____ INPUT FOR THIS TASK

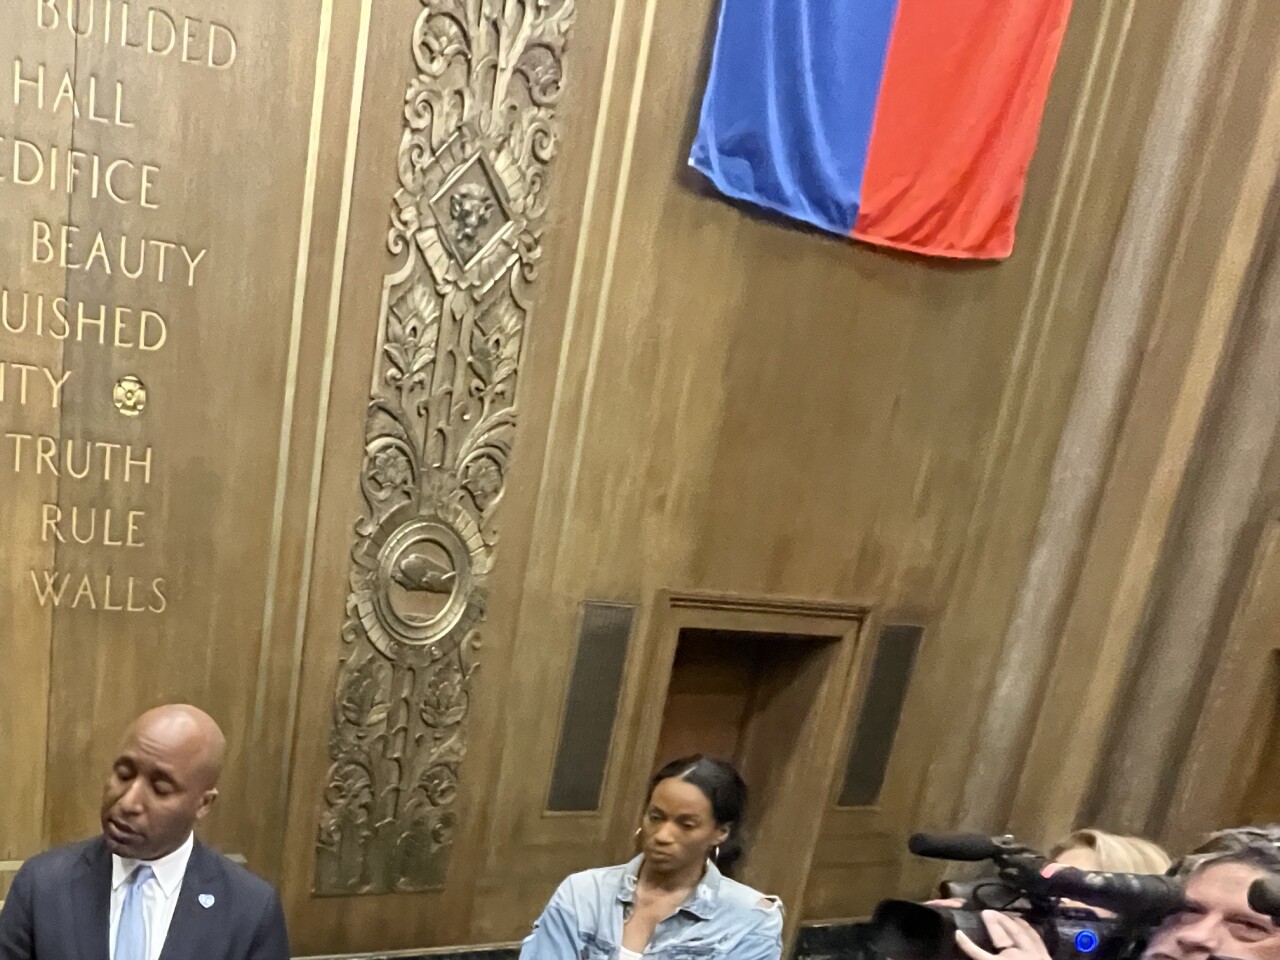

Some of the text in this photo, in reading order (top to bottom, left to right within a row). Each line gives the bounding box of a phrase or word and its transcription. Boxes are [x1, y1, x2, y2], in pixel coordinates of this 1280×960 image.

[37, 0, 237, 70] BUILDED
[13, 58, 136, 129] HALL
[31, 220, 207, 288] BEAUTY
[4, 433, 152, 485] TRUTH
[41, 504, 146, 549] RULE
[30, 570, 168, 614] WALLS
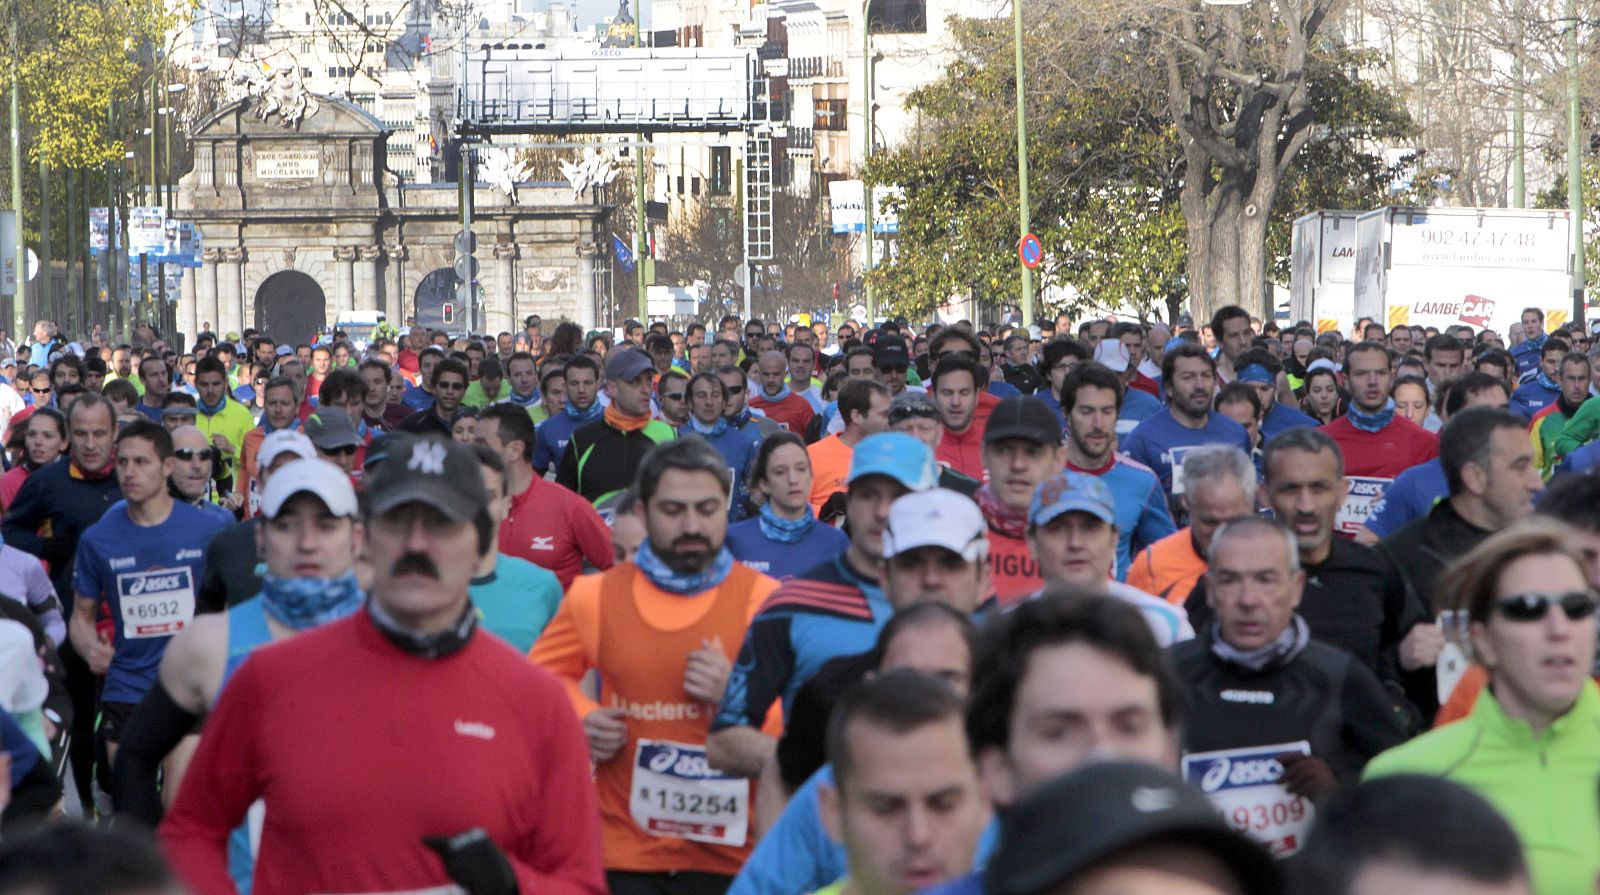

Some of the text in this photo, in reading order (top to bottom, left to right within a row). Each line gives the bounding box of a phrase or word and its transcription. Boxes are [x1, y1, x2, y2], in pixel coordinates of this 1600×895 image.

[1421, 229, 1536, 248] 902 47 47 48
[138, 601, 180, 618] 6932
[657, 789, 738, 815] 13254
[1233, 797, 1305, 831] 9309
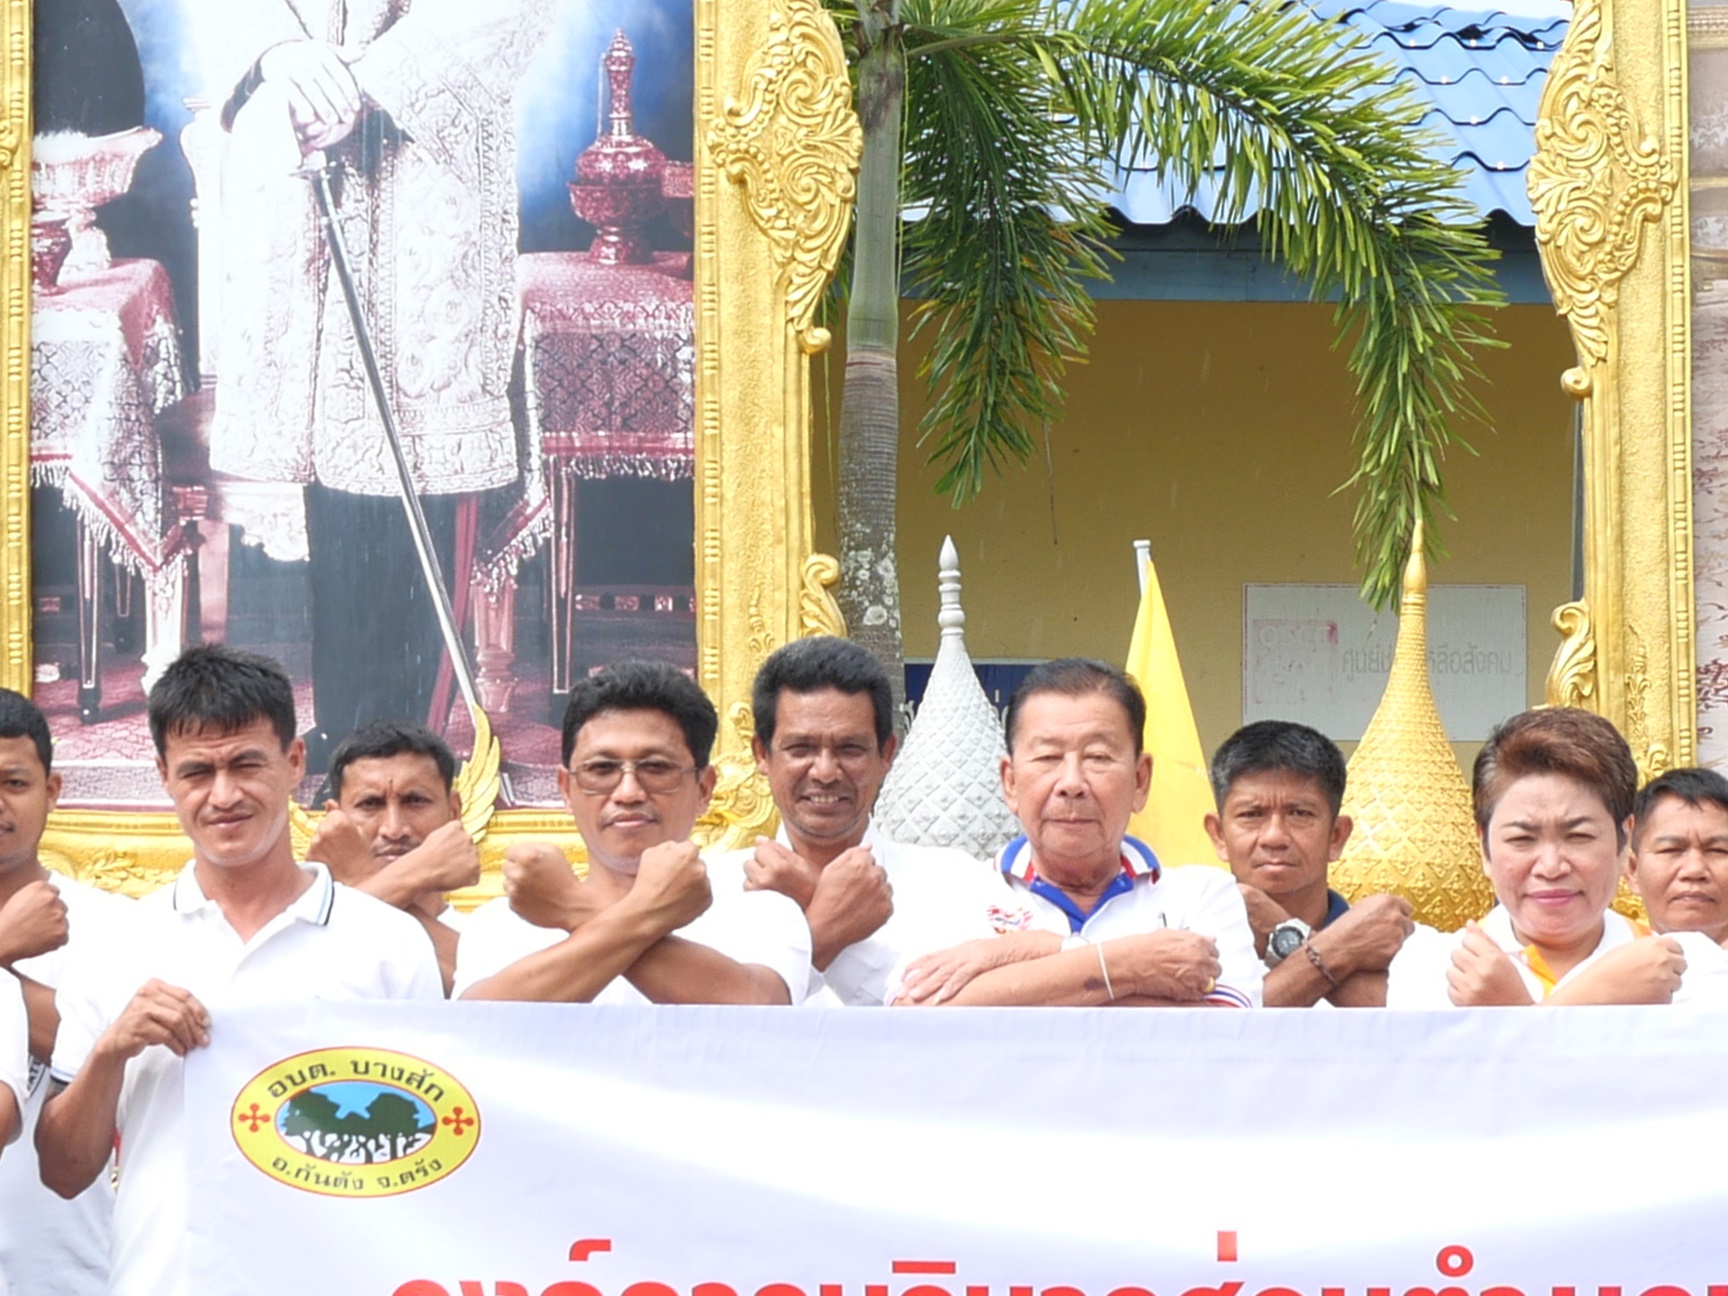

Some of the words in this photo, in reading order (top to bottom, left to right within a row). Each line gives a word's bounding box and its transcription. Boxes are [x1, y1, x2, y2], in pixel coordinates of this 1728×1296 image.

[267, 1062, 336, 1098] อบต.
[350, 1059, 445, 1102] บางสัก
[273, 1157, 365, 1190] อ.กันตัง
[377, 1157, 443, 1189] จ.ตรัง

________

> [TASK TO COMPLETE]
What is needed here is each line above set down word for word, minus the images.

> [YOUR SOLUTION]
Some of the text in this photo, in reading order (top to bottom, left to right within a row). Each line gives the bounding box of a phrase or word and its transcription. Boxes are [x1, y1, x2, y2], in pixel coordinates of this 1280×960 image.

[37, 0, 237, 70] BUILDED
[13, 58, 136, 129] HALL
[31, 220, 207, 288] BEAUTY
[4, 433, 152, 485] TRUTH
[41, 504, 146, 549] RULE
[30, 570, 168, 614] WALLS

Some of the text in this photo, in reading order (top to bottom, left to right within a row). Each line gives the bounding box of a phrase or word and its transcription. Boxes are [x1, y1, x2, y2], in pixel coordinates of this 1600×895 image.

[1421, 229, 1536, 248] 902 47 47 48
[138, 601, 180, 618] 6932
[657, 789, 738, 815] 13254
[1233, 797, 1305, 831] 9309

Some of the words in this photo, in reading order (top to bottom, left to right within a row). Each line gives a word's bounding box and its transcription. Boxes are [x1, y1, x2, y2], in pixel coordinates of this 1728×1296 image.

[267, 1062, 336, 1098] อบต.
[350, 1059, 445, 1102] บางสัก
[273, 1157, 365, 1190] อ.กันตัง
[377, 1157, 443, 1189] จ.ตรัง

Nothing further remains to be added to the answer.